Early Guidance, Late Convergence: Hidden‑State Massive Values in Diffusion MLLMs

17 Sept 2025 (modified: 11 Feb 2026)Submitted to ICLR 2026EveryoneRevisionsBibTeXCC BY 4.0
Keywords: diffusion large language model, massive values, hidden states
Abstract: Diffusion multimodal large language models (dMLLMs) have emerged as a promising alternative to autoregressive generation, offering multi-token updates for finer control and faster inference. However, their internal mechanisms remain poorly understood, especially regarding how hidden states evolve across network layers and iterative denoising steps. In this work, we present the first systematic investigation of a striking phenomenon in dMLLMs: a small fraction of hidden state activations become extraordinarily large and consistently appear across layers and timesteps.
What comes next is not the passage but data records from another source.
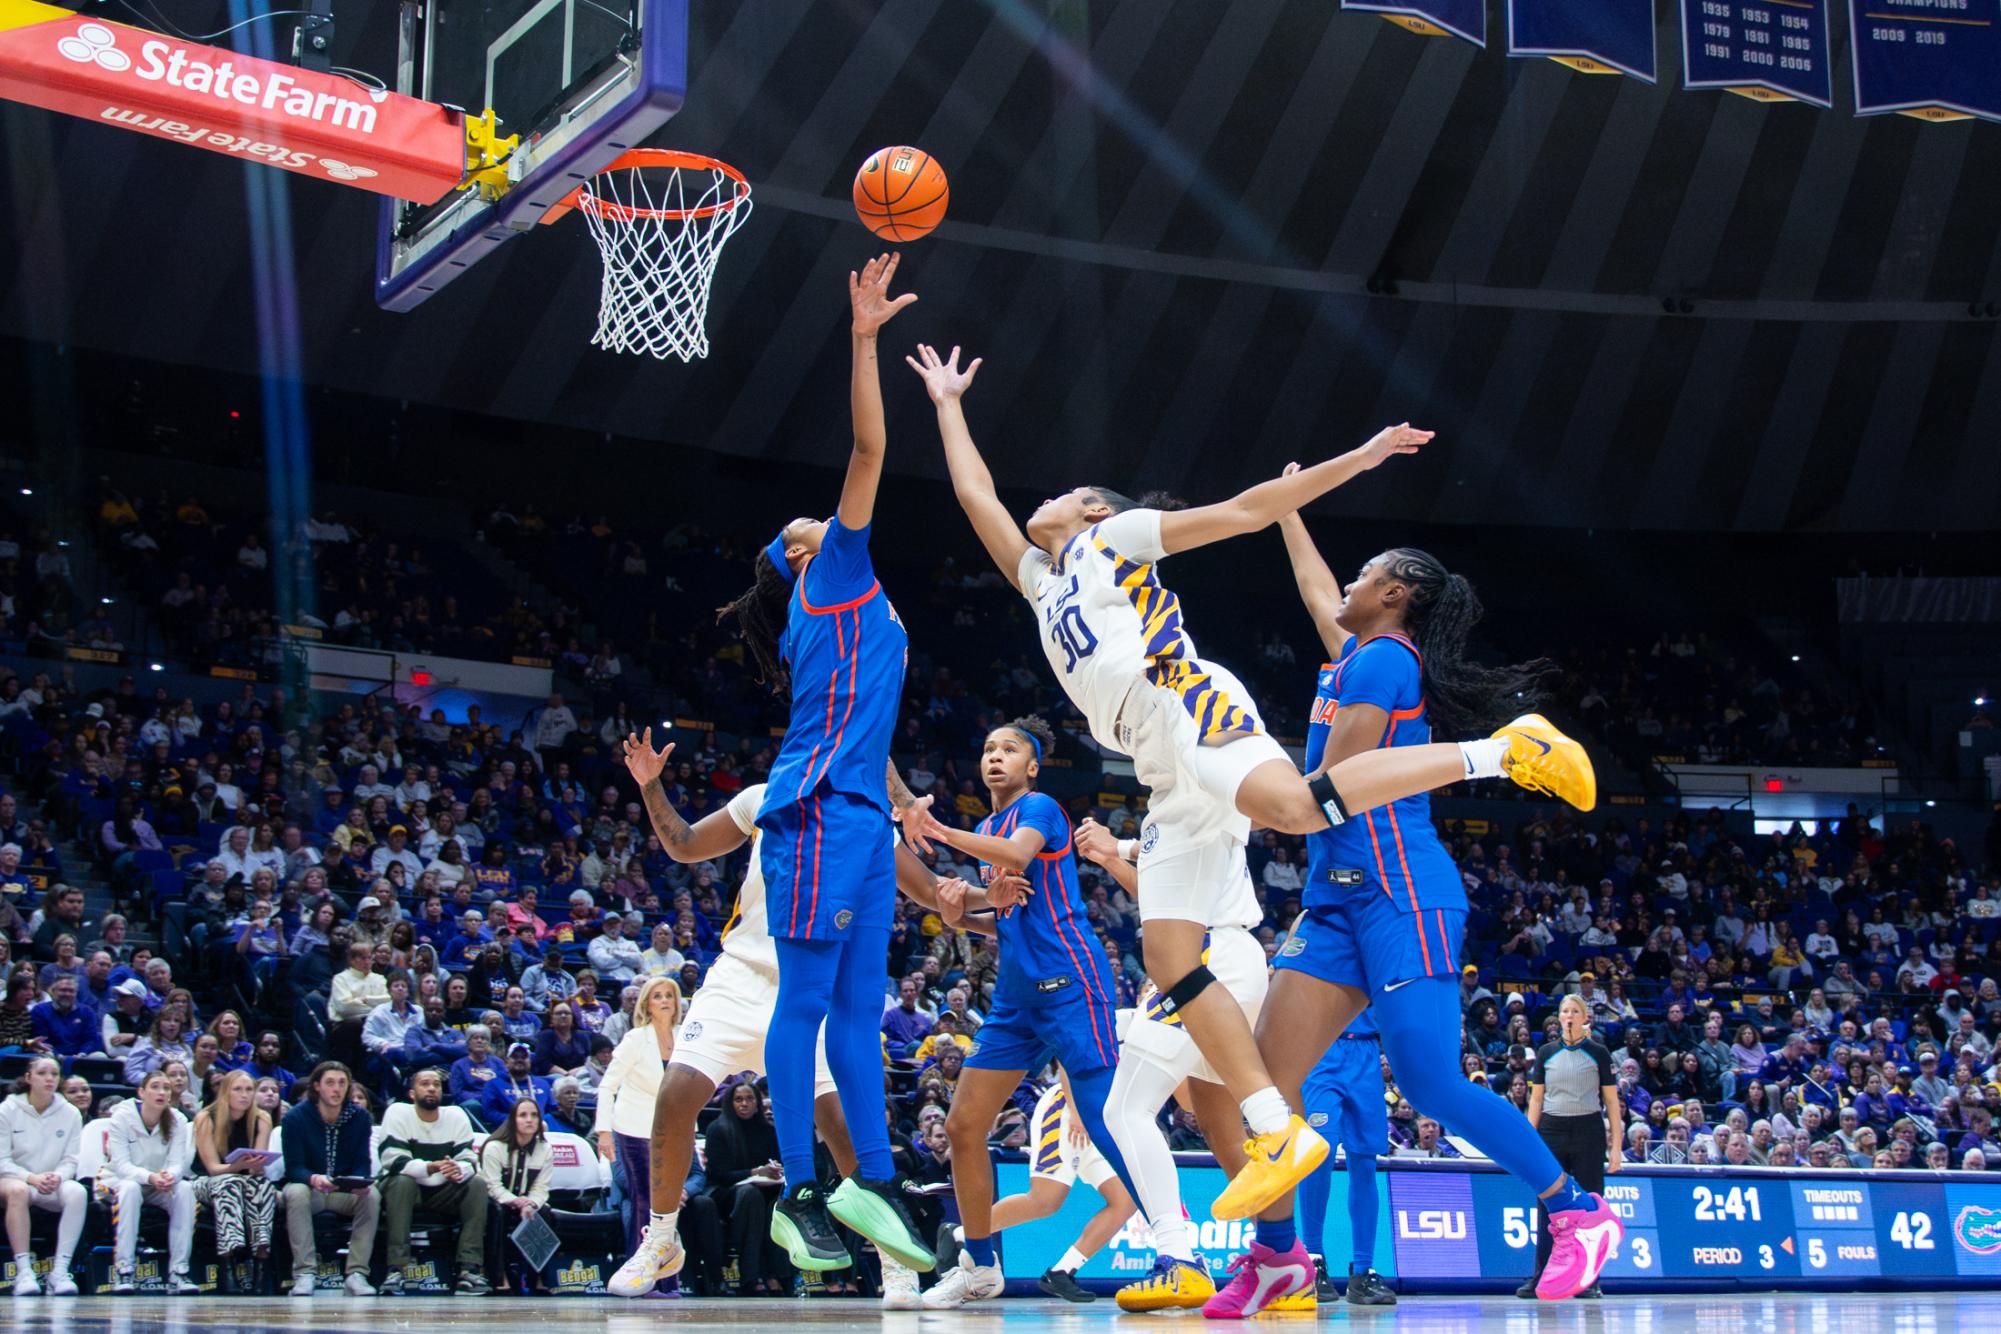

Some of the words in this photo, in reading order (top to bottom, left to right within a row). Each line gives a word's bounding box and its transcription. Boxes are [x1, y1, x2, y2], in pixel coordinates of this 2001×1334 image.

[1702, 1, 1731, 18] 1935
[1741, 7, 1771, 24] 1953
[1781, 13, 1810, 30] 1954
[1703, 22, 1731, 39] 1979
[1743, 28, 1771, 45] 1981
[1782, 34, 1811, 51] 1985
[1872, 27, 1906, 43] 2009
[1915, 30, 1947, 46] 2019
[1704, 43, 1731, 60] 1991
[1742, 49, 1775, 67] 2000
[1780, 55, 1812, 72] 2006
[1046, 573, 1079, 625] LSU
[1051, 604, 1099, 674] 30
[1604, 1186, 1640, 1200] OUTS
[1692, 1186, 1761, 1222] 2:41
[1803, 1189, 1863, 1204] TIMEOUTS
[1398, 1210, 1467, 1240] LSU
[1890, 1211, 1934, 1250] 42
[1111, 1251, 1223, 1271] Ambce
[1631, 1237, 1652, 1269] 3
[1693, 1247, 1743, 1265] PERIOD
[1758, 1244, 1775, 1270] 3
[1808, 1238, 1827, 1269] 5
[1837, 1245, 1877, 1261] FOULS
[558, 1265, 598, 1285] Bengal
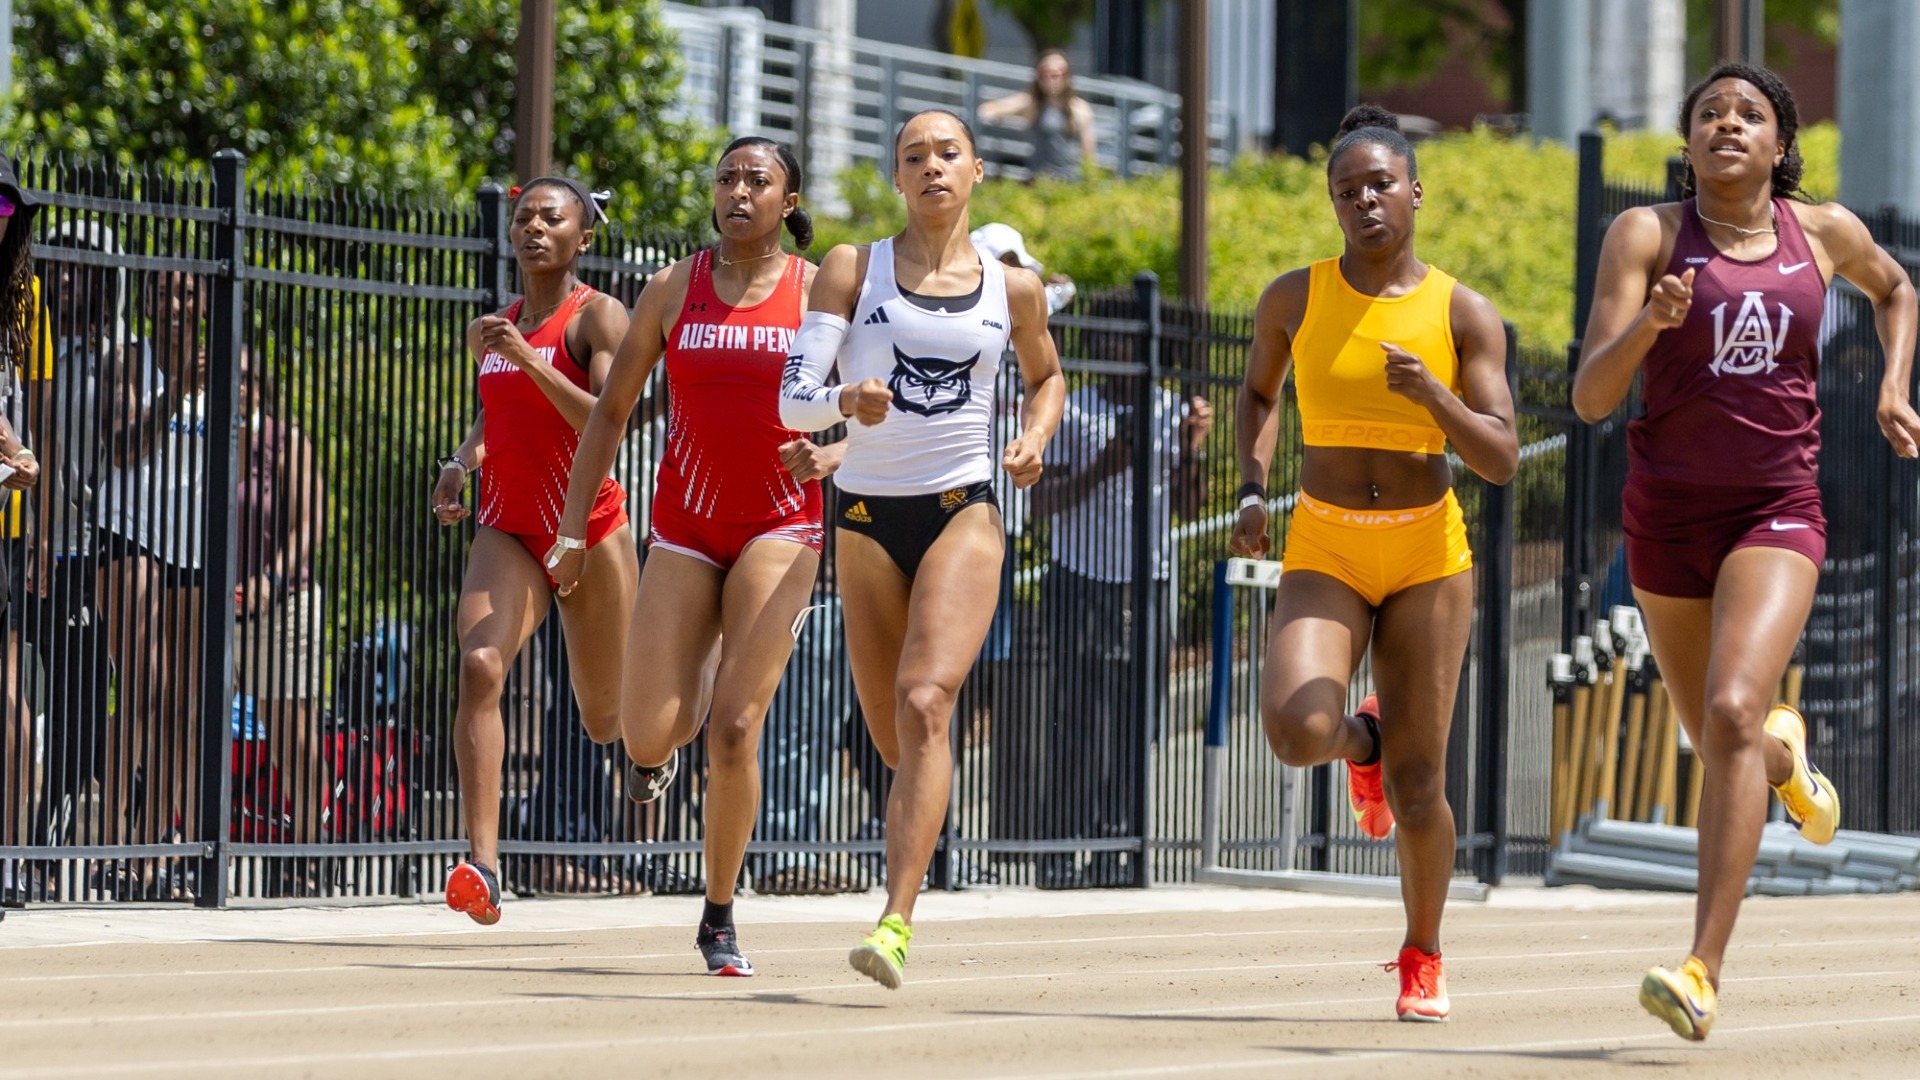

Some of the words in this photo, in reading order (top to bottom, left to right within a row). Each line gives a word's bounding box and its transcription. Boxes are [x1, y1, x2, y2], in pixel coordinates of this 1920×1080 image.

[678, 323, 748, 350] AUSTIN
[844, 511, 872, 523] adidas
[1343, 513, 1415, 524] NIKE
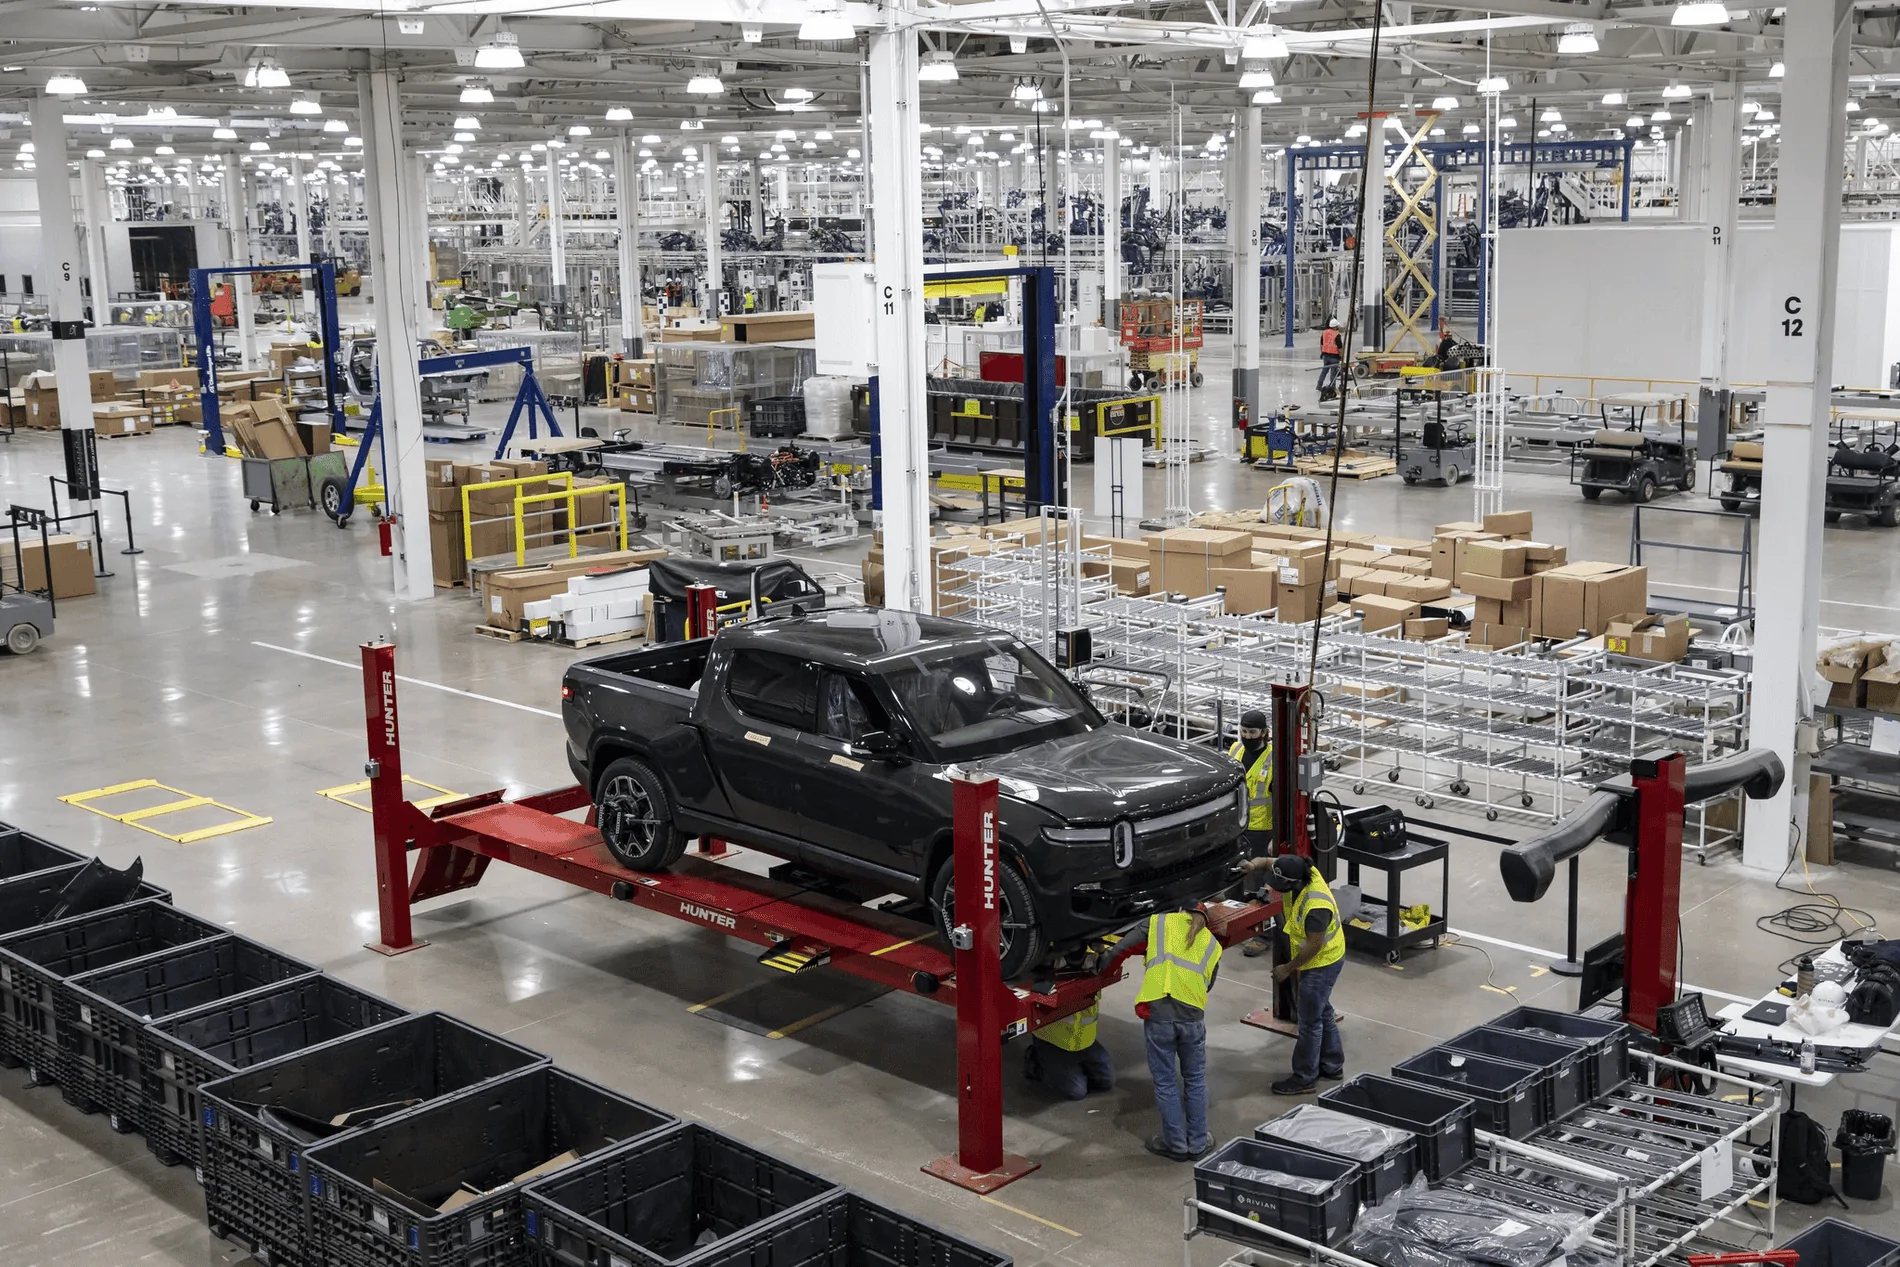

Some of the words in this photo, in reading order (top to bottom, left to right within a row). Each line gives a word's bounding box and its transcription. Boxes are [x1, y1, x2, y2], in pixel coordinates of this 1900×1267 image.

We refer to this phenomenon as massive values. Our analysis reveals that in later layers and final diffusion steps, massive values align closely with the model’s output semantics and confidence, directly influencing generation quality. In contrast, early layers and initial noisy steps produce massive values that are necessary to initiate generation and guide the global structure of content. Furthermore, using a sparse autoencoder to interpret hidden representations, we find that the evolution of these high-magnitude activations closely tracks the formation of output semantics. This indicates that the massive values are not just numerical outliers but are crucial drivers of the model’s semantic generation process. Overall, our findings shed new light on the inner workings of dMLLMs and suggest potential strategies to improve their reliability and performance.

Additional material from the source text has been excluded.